#### [WHAT THE EXERCISE ASKS]
Please restate every record below word for word and skip the pictures.

#### [PROVIDED INFORMATION]
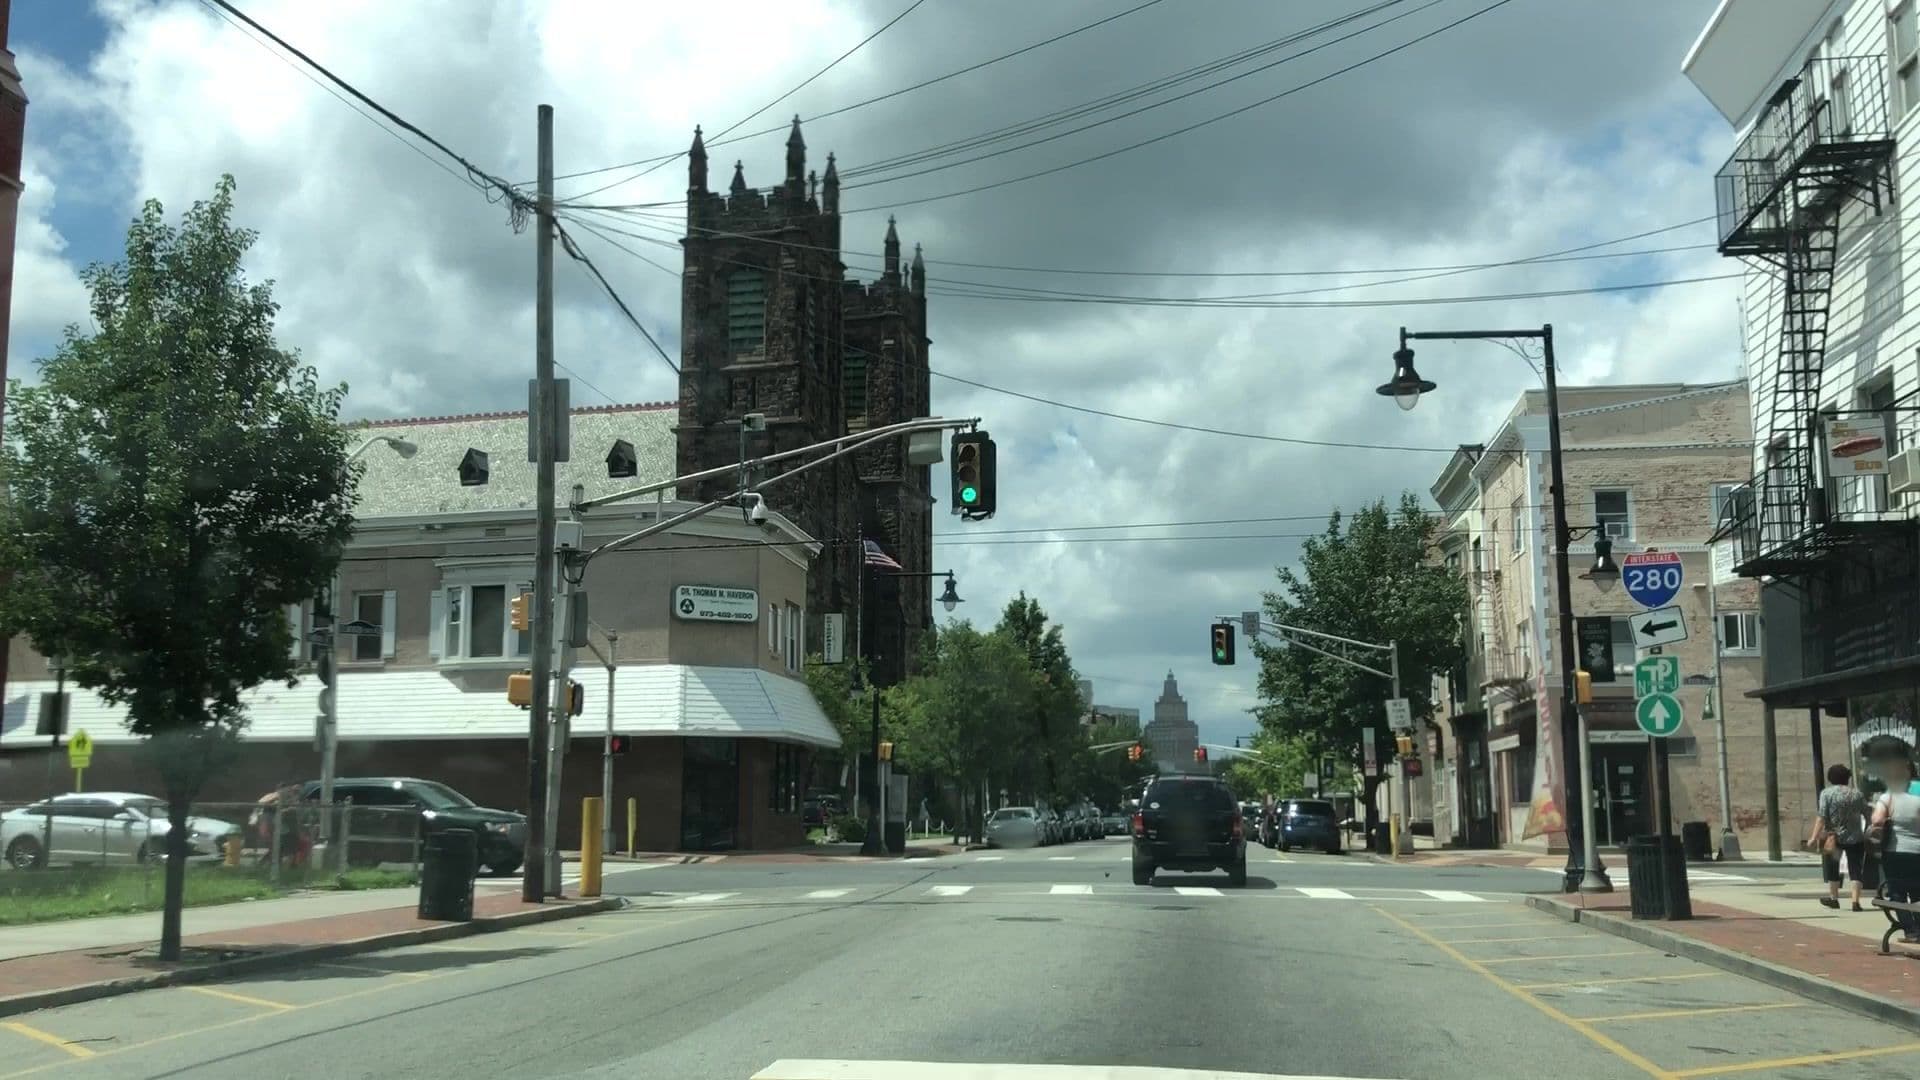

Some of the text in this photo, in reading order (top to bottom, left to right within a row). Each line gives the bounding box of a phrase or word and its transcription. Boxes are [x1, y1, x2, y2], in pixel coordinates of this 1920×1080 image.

[1630, 554, 1673, 563] INTERSTATE
[1629, 567, 1680, 591] 280
[681, 587, 691, 596] DR.
[692, 588, 717, 597] THOMAS
[727, 590, 755, 600] HAVERON

#### [SOLUTION FOR THIS PROBLEM]
Some of the text in this photo, in reading order (top to bottom, left to right within a row). Each line gives the bounding box of a phrase or word and its transcription. Boxes are [x1, y1, x2, y2], in pixel coordinates of this 1920×1080 image.

[1630, 554, 1673, 563] INTERSTATE
[1629, 567, 1680, 591] 280
[681, 587, 691, 596] DR.
[692, 588, 717, 597] THOMAS
[727, 590, 755, 600] HAVERON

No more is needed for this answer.